Moving from spreadsheets to strategy, the role of the CFO – and the finance department in general – is evolving to take on greater operational control and project management for a business. According to a McKinsey Global Survey, CFOs are increasingly charged with investor relations, board engagement, and technology adoption, as well as ESG risks and opportunities. From every angle, CFOs are influencing change in an organization.
While those responsibilities certainly remain important ones, a number of circumstances have come together to redefine expectations of CFOs. They include:
The disruptions of the pandemic. When the pandemic began in early 2020, many companies were faced with a wide range of challenges. For some, such as those in the hospitality industry, they included shutdowns or severe revenue losses, while virtually all types of business faced issues due to supply chain issues, staffing problems or other unexpected consequences of the pandemic.
Amid this uncertainty, companies began to ask—to truly need—far more of their CFOs. They sought strategic planning help from a professional with strong finance skills and a deep and holistic understanding of the organization. CFOs stepped up to provide forward-looking perspective on the best ways to prepare for what might come next.
Digital transformation. Finance is employing new technologies that are able to handle lower-level tasks so that finance leaders and their entire teams can take on higher-level responsibilities. Finance teams use data analytics, artificial intelligence and robotic process automation to perform repetitive processes and to deliver results faster than when these steps were done manually. Those new tools improved efficiency and gave CFOs the time and the timely information they needed to shift their focus.
New functions under the finance umbrella.
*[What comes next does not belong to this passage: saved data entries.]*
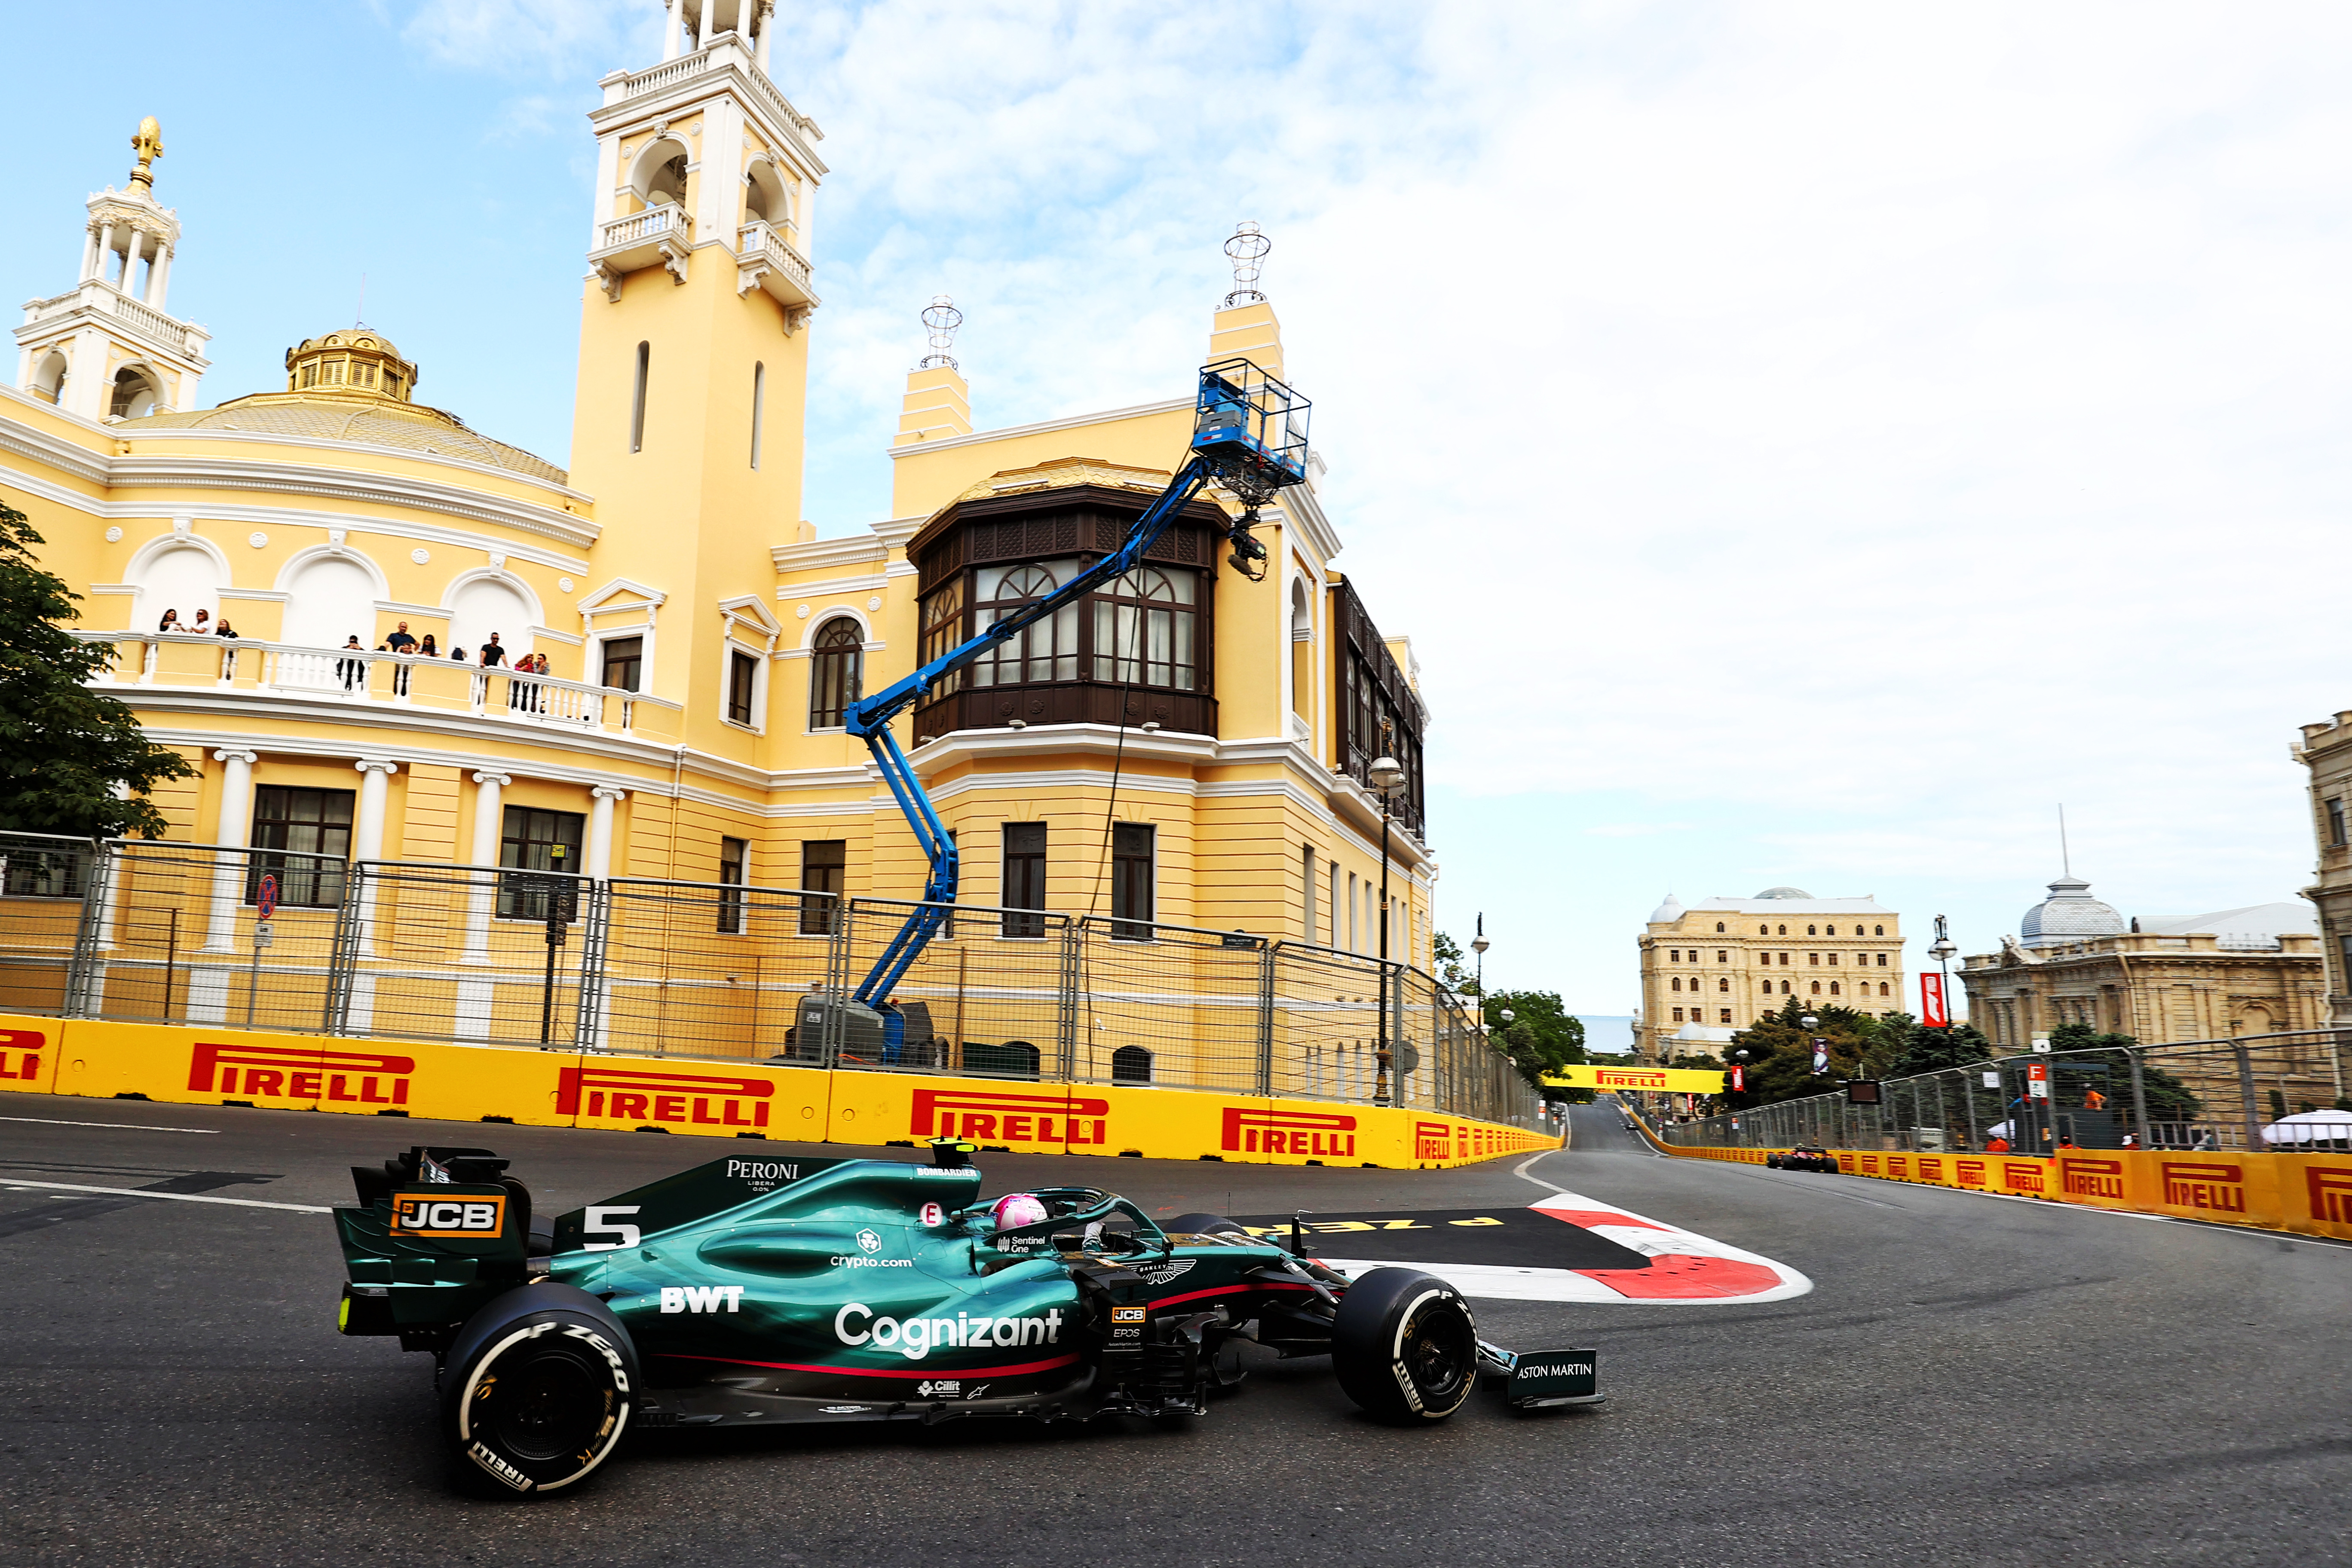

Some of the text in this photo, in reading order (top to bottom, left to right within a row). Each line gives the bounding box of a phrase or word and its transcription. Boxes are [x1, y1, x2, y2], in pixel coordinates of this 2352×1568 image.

[188, 1043, 415, 1104] PIRELLI
[1596, 1070, 1666, 1087] PIRELLI
[2030, 1066, 2041, 1078] F
[555, 1067, 775, 1127] PIRELLI
[910, 1089, 1109, 1144] PIRELLI
[1221, 1108, 1357, 1156] PIRELLI
[1415, 1121, 1449, 1159] PIRELLI
[726, 1160, 799, 1179] PERONI
[916, 1167, 977, 1177] BOMBARDIER
[2061, 1158, 2124, 1199] PIRELLI
[2161, 1162, 2246, 1213] PIRELLI
[401, 1203, 495, 1228] JCB
[927, 1205, 937, 1223] E
[583, 1206, 641, 1252] 5
[1011, 1236, 1045, 1244] Sentinel
[830, 1256, 912, 1268] crypto.com
[660, 1286, 744, 1313] BWT
[1440, 1290, 1453, 1299] P
[1115, 1310, 1143, 1320] JCB
[835, 1302, 1062, 1360] Cognizant
[1114, 1329, 1140, 1337] EPOS
[528, 1322, 630, 1392] P ZERO
[1518, 1363, 1592, 1379] ASTON MARTIN
[934, 1381, 960, 1391] Cillit
[1392, 1360, 1424, 1413] PIRELLI
[468, 1441, 533, 1492] PIRELLI
As organizations began to recognize the value that CFOs and their teams can bring, they have decided in many cases that certain functions not usually associated with finance should come under this area’s supervision. For example, CFOs can ensure that the metrics developed for an organization’s environmental, social and governance (ESG) efforts are appropriate and accurate and that they align with corporate goals. They can also address ESG regulatory reporting and compliance issues. Similarly, many companies have decided that finance is best suited to oversee information technology functions and their alignment with company strategies. These new responsibilities have broadened and elevated the role of the CFO.
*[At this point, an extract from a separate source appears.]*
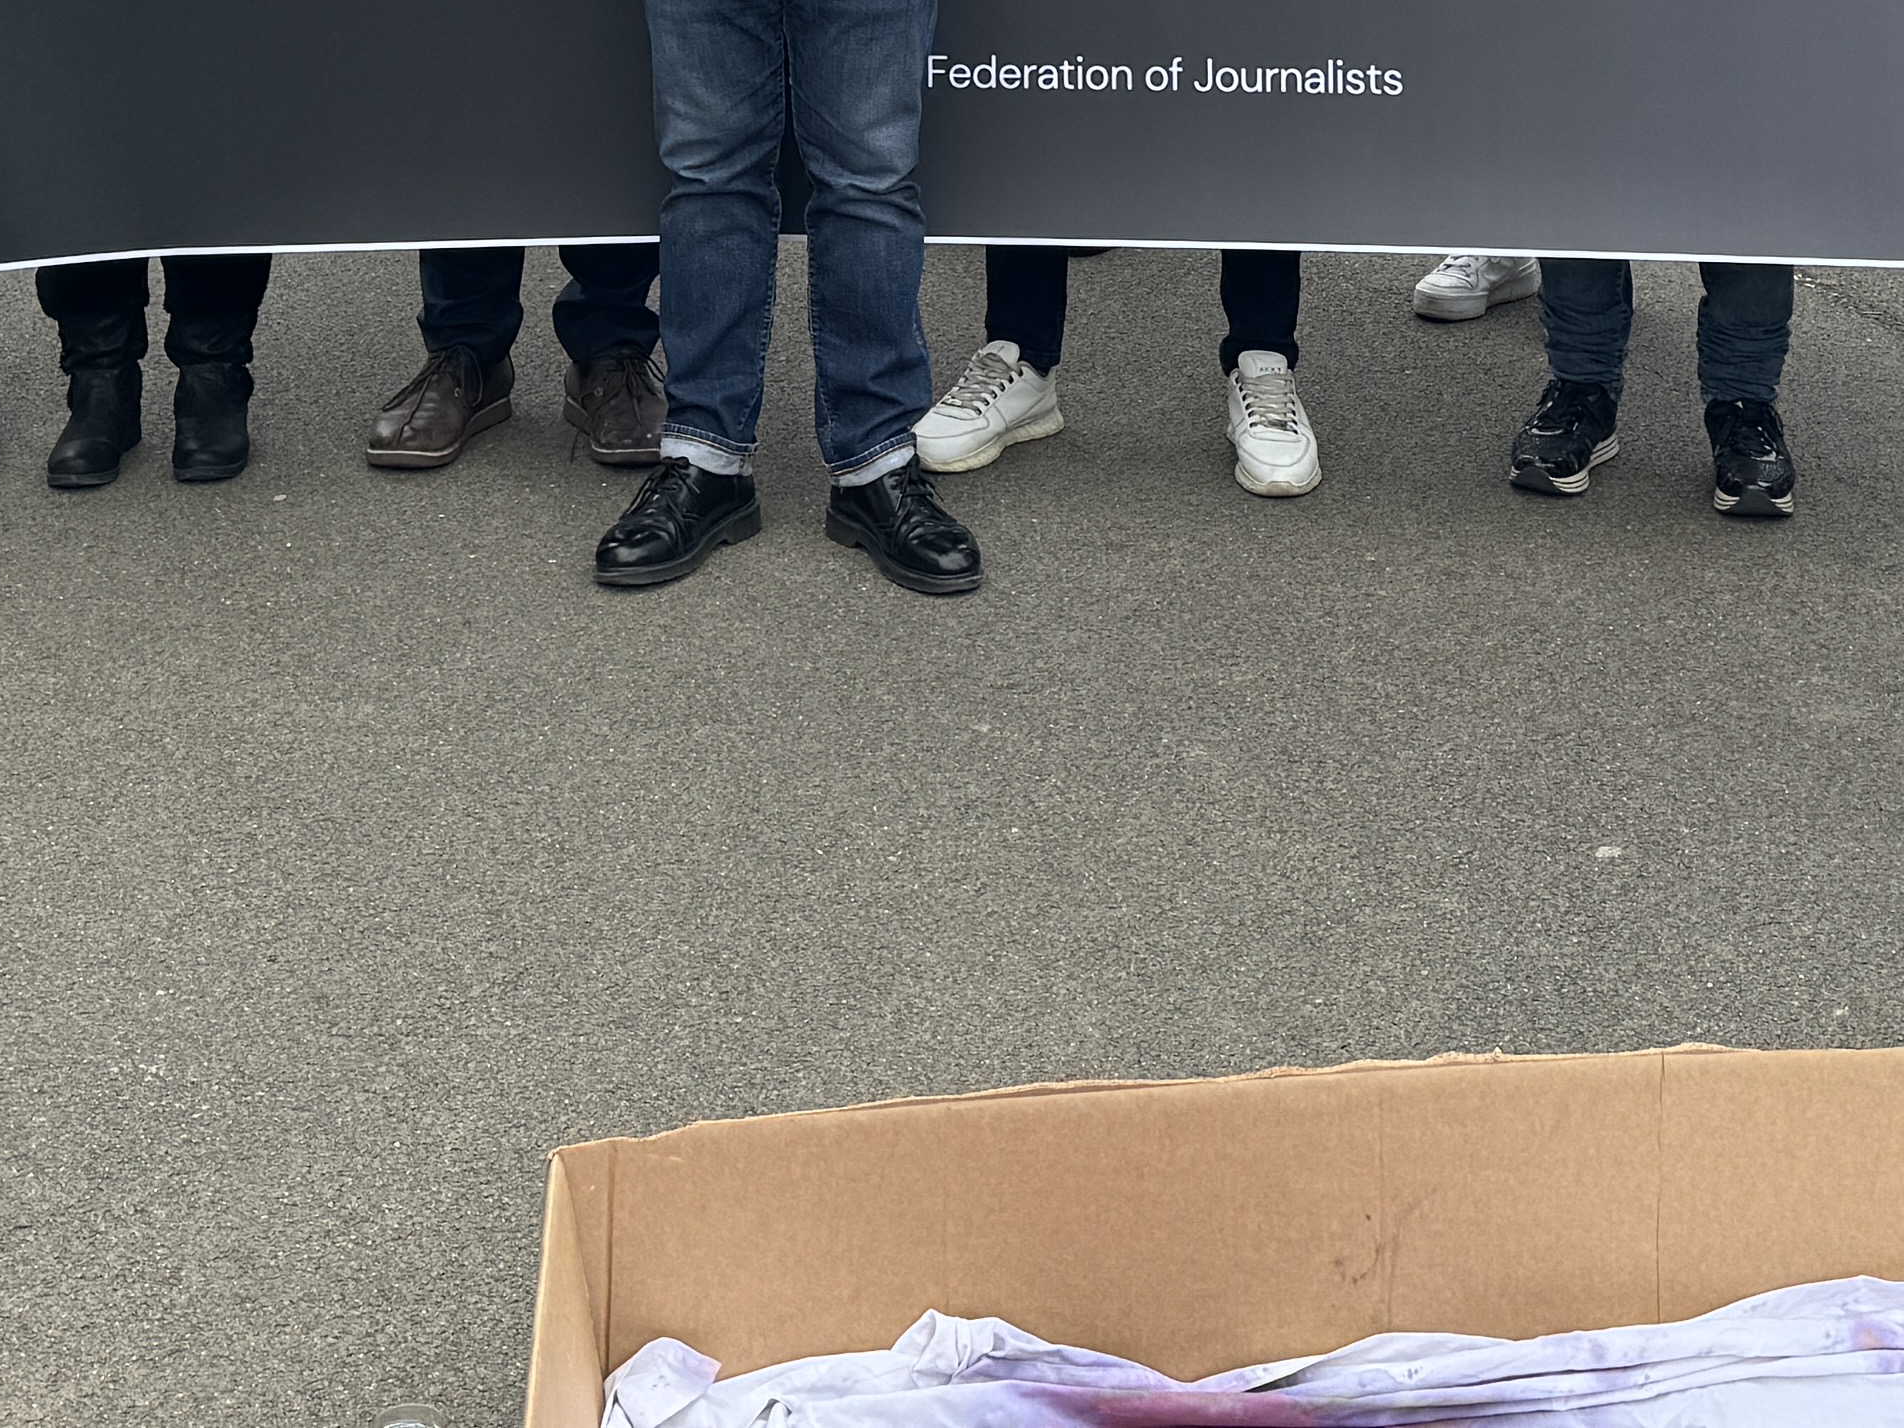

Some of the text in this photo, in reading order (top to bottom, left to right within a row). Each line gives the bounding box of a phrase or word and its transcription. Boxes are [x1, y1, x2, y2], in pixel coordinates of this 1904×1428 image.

The job of a CFO is evolving rapidly. In the past, they helmed a department that oversaw cash flow, financial planning and reporting, and risk management, and that ensured compliance with regulatory standards. They focused mainly on offering accurate historic financial information. While these responsibilities are still a critical component to the role, businesses are now also relying upon CFOs to forecast the future – to guide technology transformation, provide talent and outsourcing arrangements, and plan sustainability initiatives.